Section 4 - Cengage



Section 4

Think About It—Activities to Try for Fun

In addition to the activities included in your text, try some of the following art activities with your group of students.

Make a Banner or Flag

The banner is used universally for creating an atmosphere for parades, celebrations, or special days. With the very smallest children, a project devoted to making marching flags is fun and rewarding. Using thin strips of wood acquired from the scrap boxes of the local lumberyards and rectangles of brown wrapping paper, each child can design his/her own flag using paints or crayons, colored papers, or the materials that are normally found in scrap boxes in the art center. On certain seasonal or holiday occasions (such as Flag Day and July 4th) the entire room can be decked in flags and banners representing the occasion. Each child can express in his/her own way the meaning of that particular holiday or season in a long, flowing banner made of brown wrapping paper, shelving paper, or ordinary white paper. The child can attach one end of the banner to a strip of wood with staples or glue and can hang the banner from the classroom ceiling or from a wire stretched from wall to wall. Students can also make banners and flags on fabrics and add the decorative elements by gluing other fabrics onto the large piece of fabric.

Color Discrimination Activity—The Greens

This is a good activity to sharpen a child’s color discrimination. Begin with a discussion of spring and the color green. Show and discuss the color green associated with the season. Then pin a piece of green paper on a flannel (or bulletin) board. Have each child find green cloth and paper to cut (or tear) pieces from and pin to the board. Overlapping pieces creates an attractive green collage.
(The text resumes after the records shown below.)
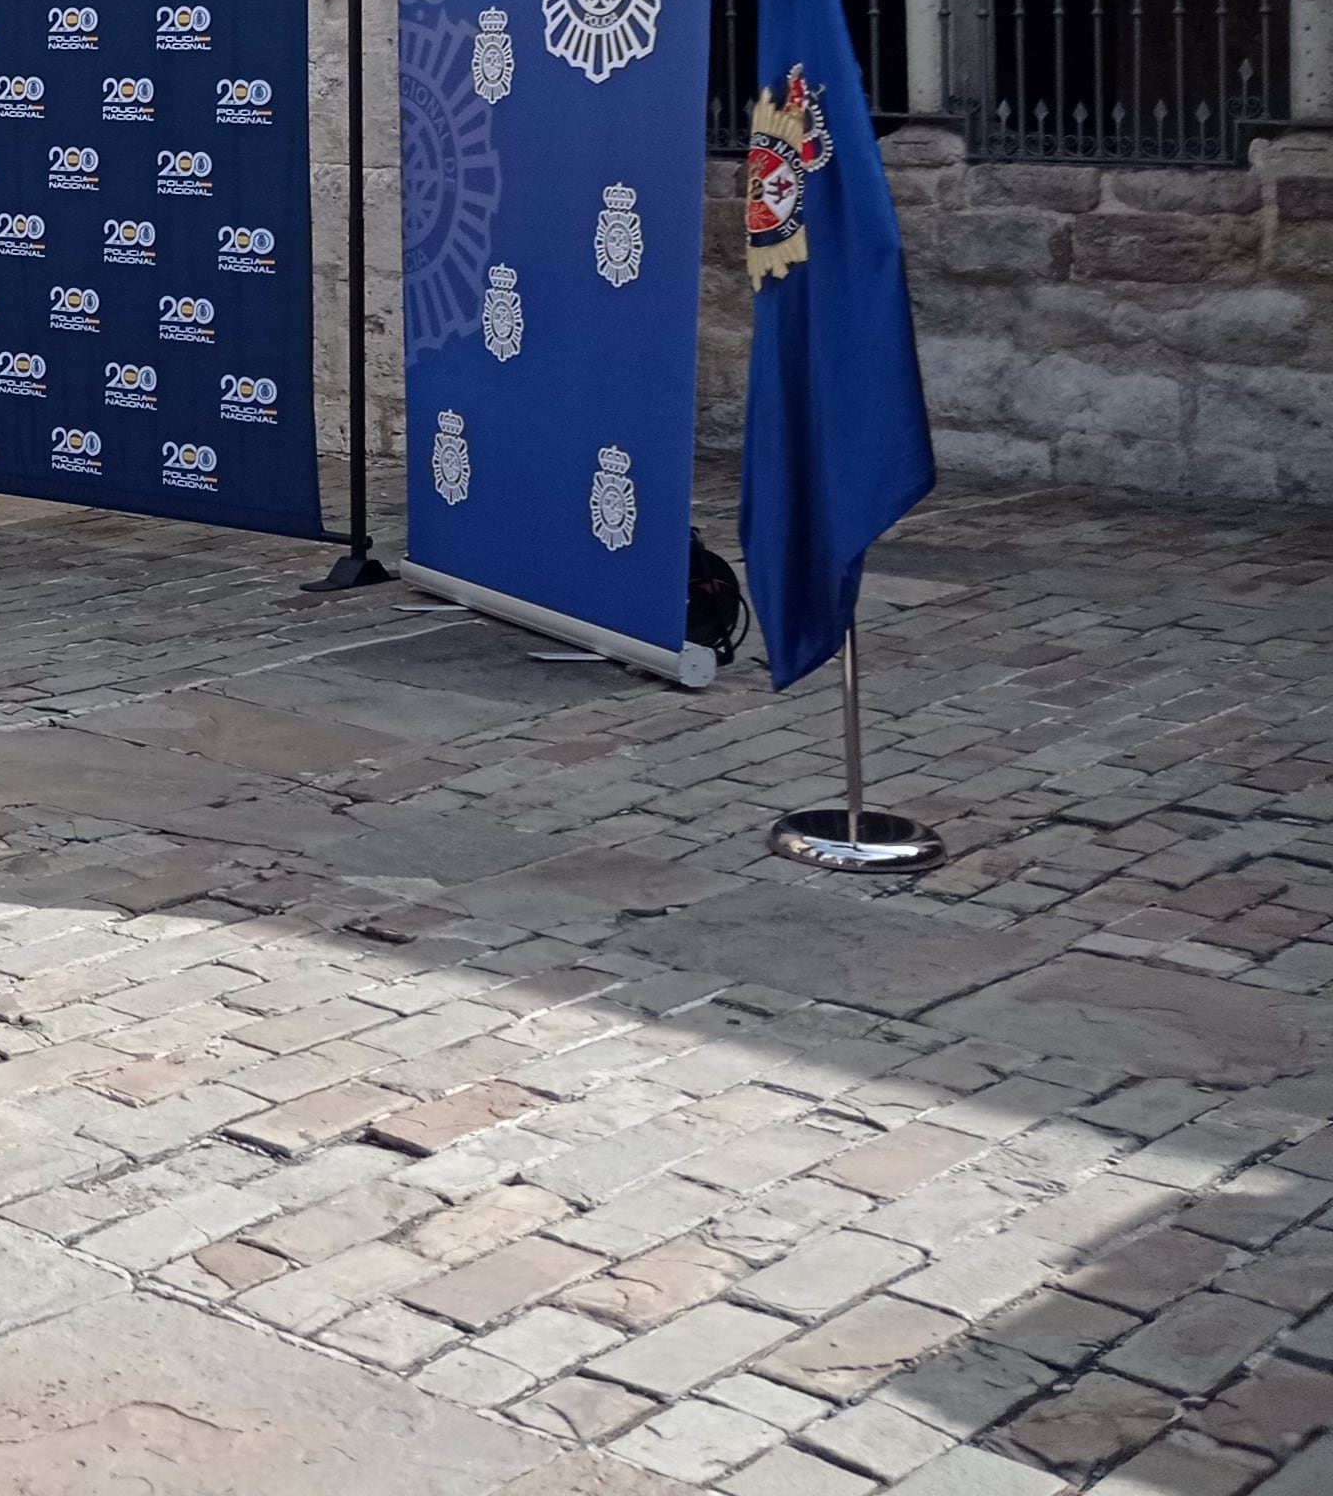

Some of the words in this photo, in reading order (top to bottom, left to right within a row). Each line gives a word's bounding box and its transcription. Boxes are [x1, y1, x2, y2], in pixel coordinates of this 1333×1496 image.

[49, 7, 98, 32] 200
[157, 6, 210, 32] 200
[103, 78, 153, 103] 200
[217, 79, 271, 105] 200
[49, 147, 98, 172] 200
[158, 151, 212, 177] 200
[104, 220, 155, 246] 200
[218, 226, 274, 254] 200
[778, 218, 799, 237] DE
[50, 286, 99, 314] 200
[160, 296, 214, 324] 200
[106, 363, 156, 391] 200
[221, 375, 277, 404] 200
[52, 427, 101, 456] 200
[163, 442, 216, 471] 200
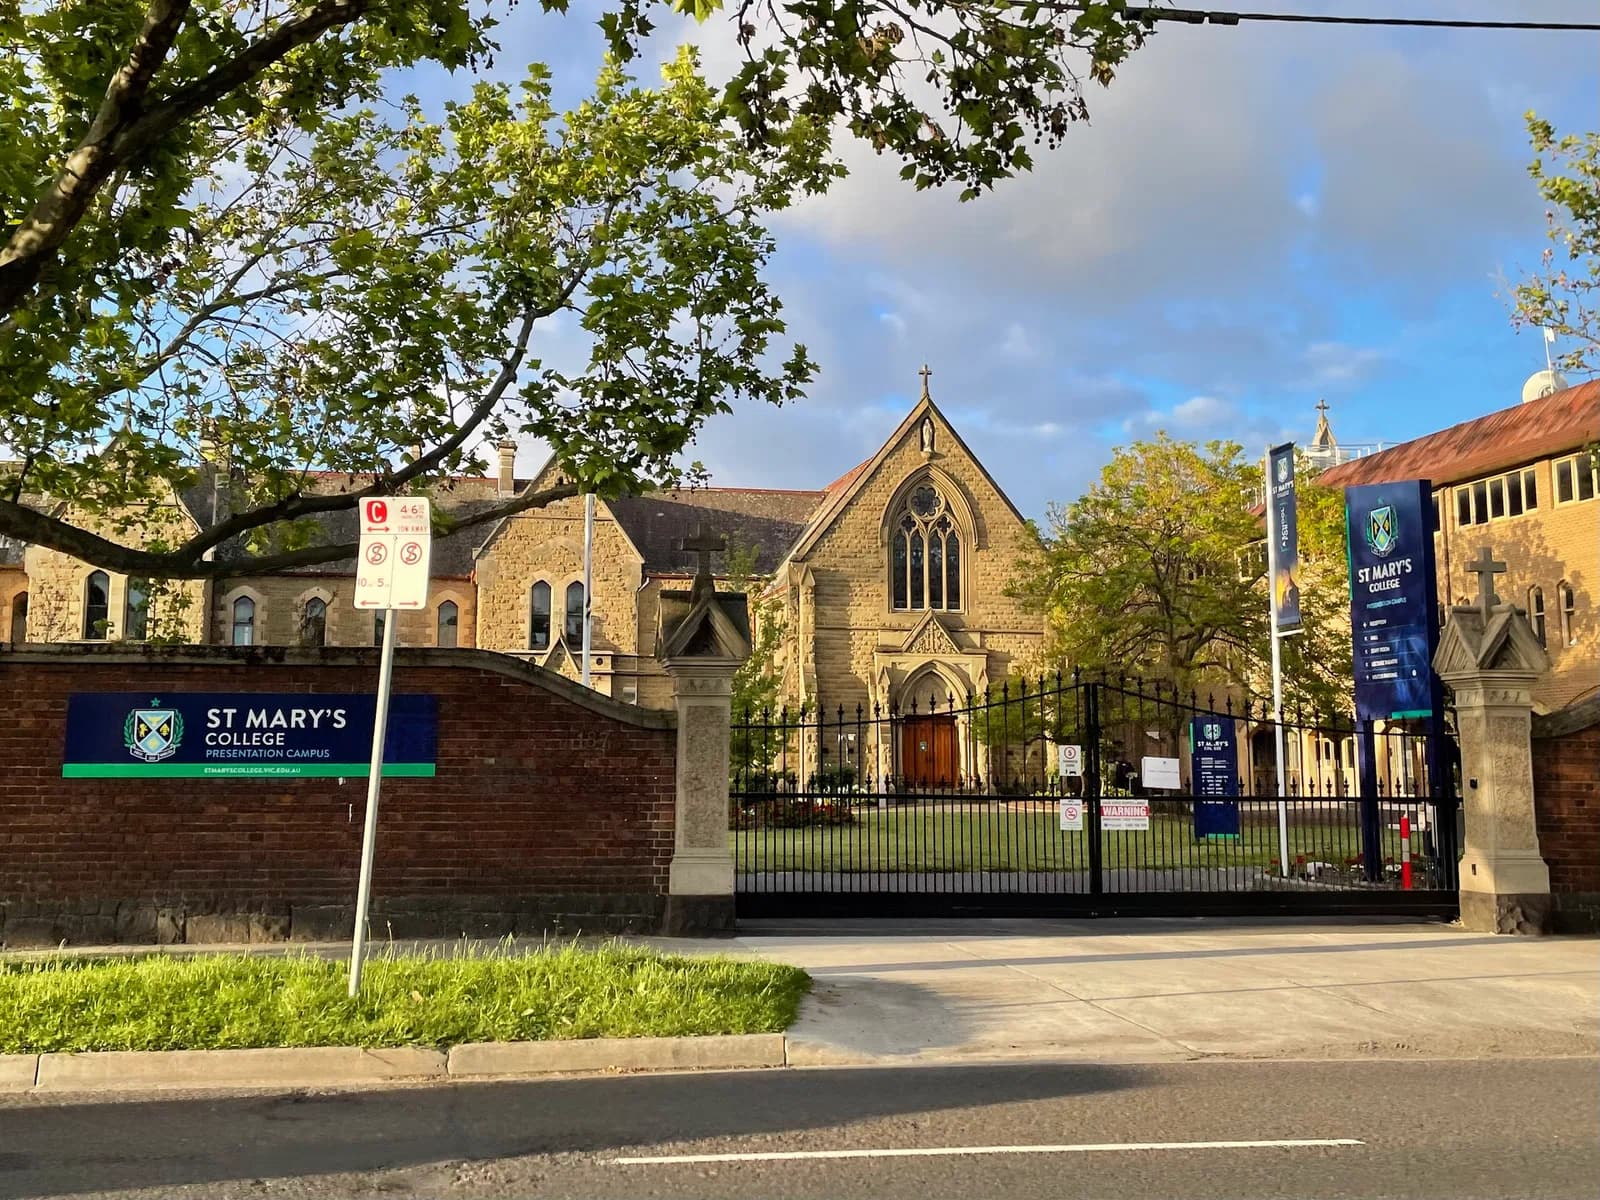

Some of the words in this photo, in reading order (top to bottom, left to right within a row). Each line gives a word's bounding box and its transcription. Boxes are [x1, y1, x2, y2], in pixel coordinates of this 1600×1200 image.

[371, 502, 382, 522] C
[1358, 567, 1370, 583] ST
[1372, 558, 1412, 581] MARY'S
[1369, 578, 1401, 593] COLLEGE
[206, 708, 238, 729] ST
[246, 708, 347, 729] MARY'S
[205, 732, 285, 746] COLLEGE
[205, 749, 284, 758] PRESENTATION
[286, 749, 330, 758] CAMPUS
[1103, 806, 1147, 817] WARNING
Magazines and old wrapping paper provide good sources for “greens.”

Decorating Classroom Windows

Using the classroom windows for artwork is a good idea, but don’t display stereotype images, mass-produced cartoon images, or copy other windows. Instead, allow the children to invent original uses for this space. There are excellent paints now available for use on glass that easily wash away. These are good for making large paintings on the windows. Windows may also be covered with thin white tissue paper, tracing paper, or acetate. Children can then make beautiful designs or pictures by applying transparent cellophane or paint to these areas. Occasionally, if the windows consist of small panes, each student may be assigned a single pane to design. The child may use black construction paper with areas cut out and bits of transparent paper and cellophane inserted in the open areas as one method.

Are these appropriate activities for the children you are currently working with? Why or why not? Do you plan to use these activities with children? Why or why not? How could you adapt these activities for an older or younger group of children?
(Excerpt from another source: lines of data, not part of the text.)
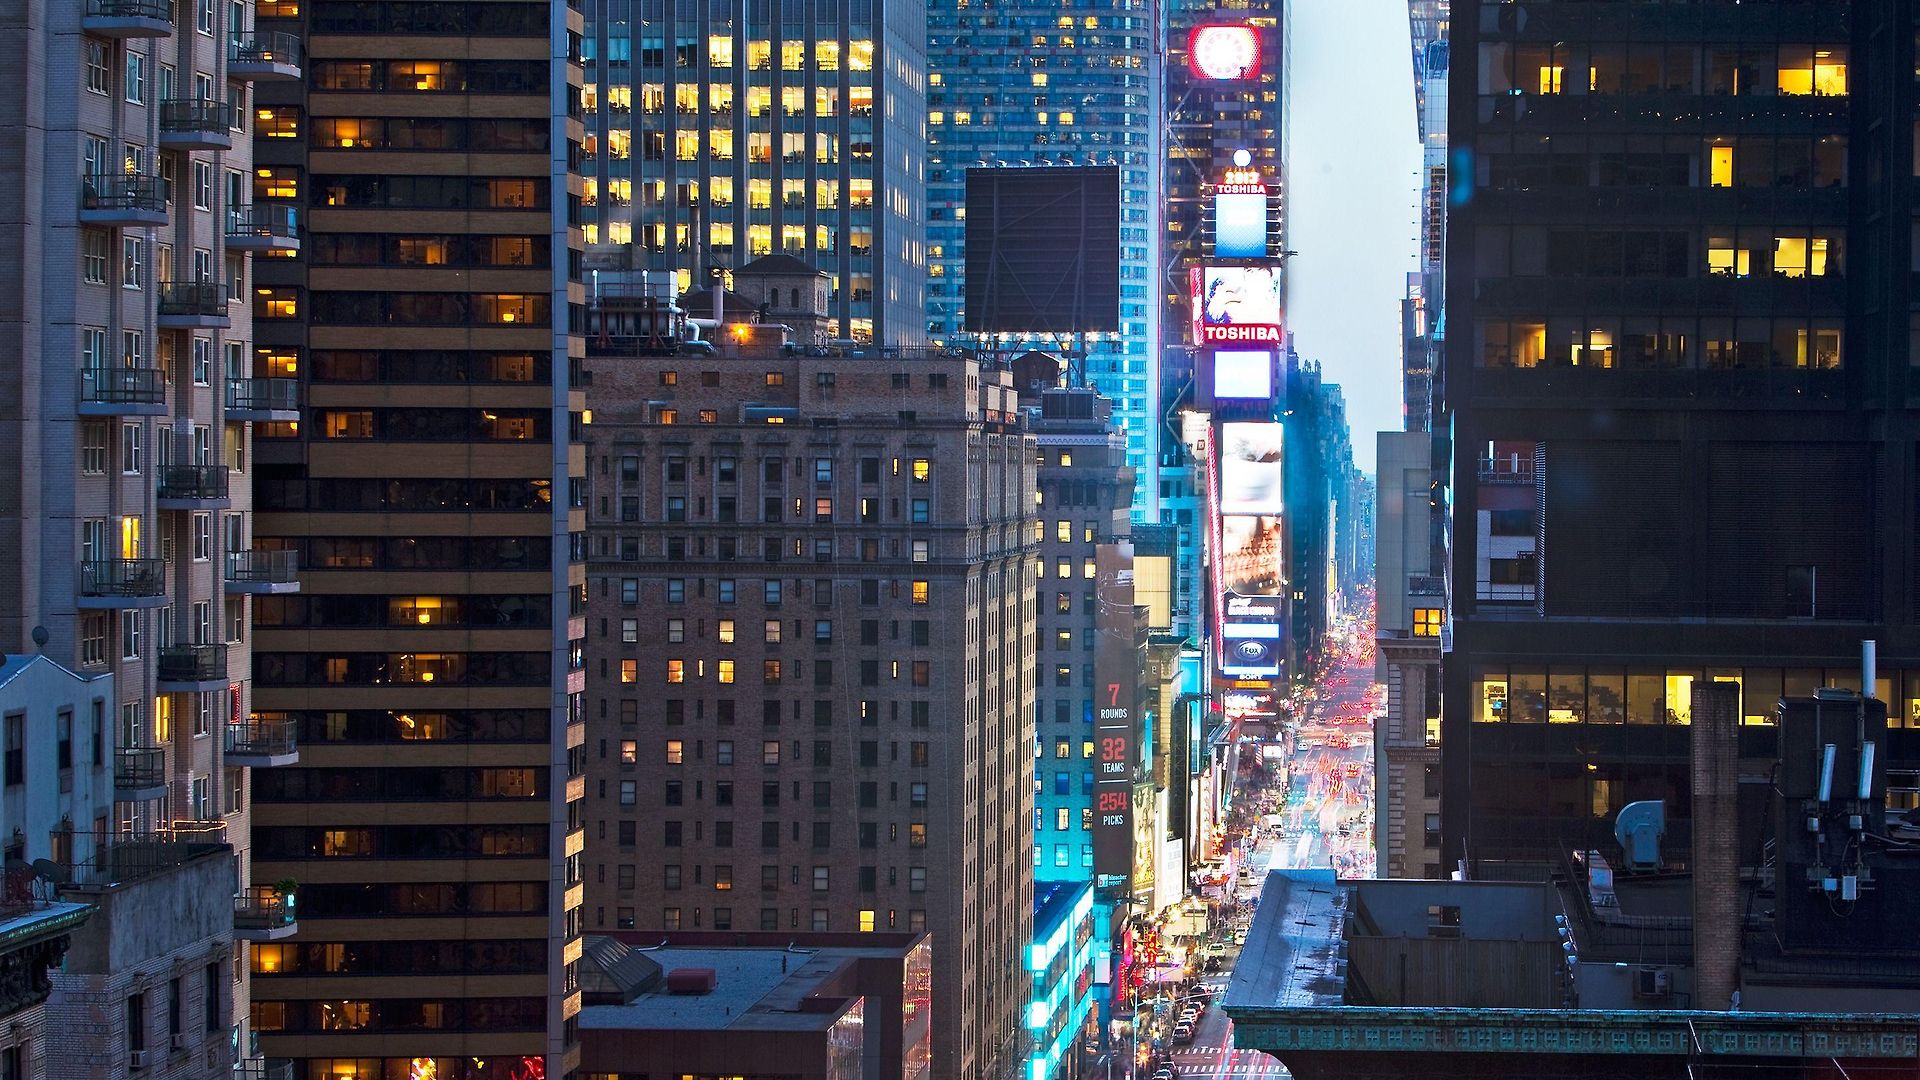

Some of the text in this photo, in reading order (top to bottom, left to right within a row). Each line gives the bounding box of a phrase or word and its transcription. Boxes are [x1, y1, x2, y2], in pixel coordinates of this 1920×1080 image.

[1217, 185, 1266, 193] TOSHIBA
[1205, 327, 1280, 340] TOSHIBA
[1108, 683, 1120, 706] 7
[1100, 708, 1128, 719] ROUNDS
[1102, 737, 1126, 760] 32
[1102, 763, 1125, 773] TEAMS
[1099, 792, 1127, 811] 254
[1103, 815, 1124, 825] PICKS
Think About It—Interest Centers for Toddlers

Some of the following interest areas may be considered when planning art and art-related centers for toddlers.

Construction center. Learning to put things together with clocks provides toddlers with a fun activity and introduces them to making original designs. A shelf or cabinet with a small set of blocks identifies the construction area. Units, double units, ramps, and a few semicircular blocks are just right for toddlers to use with cars and people on the floor. Smaller, colorful cubes, connecting blocks, and small foam blocks are appropriate on tables. Large Lego® blocks, Bristle® blocks, and other varieties of construction toys helps toddlers create different types of structures. Sorting sizes and putting together pieces teach the toddler to discriminate and to develop control over small muscles in the fingers and hands. Imaginative caregivers may need to work along with toddlers to build enthusiasm for using their own ideas in creating simple constructions. The child’s sense of design is developed in this type of activity.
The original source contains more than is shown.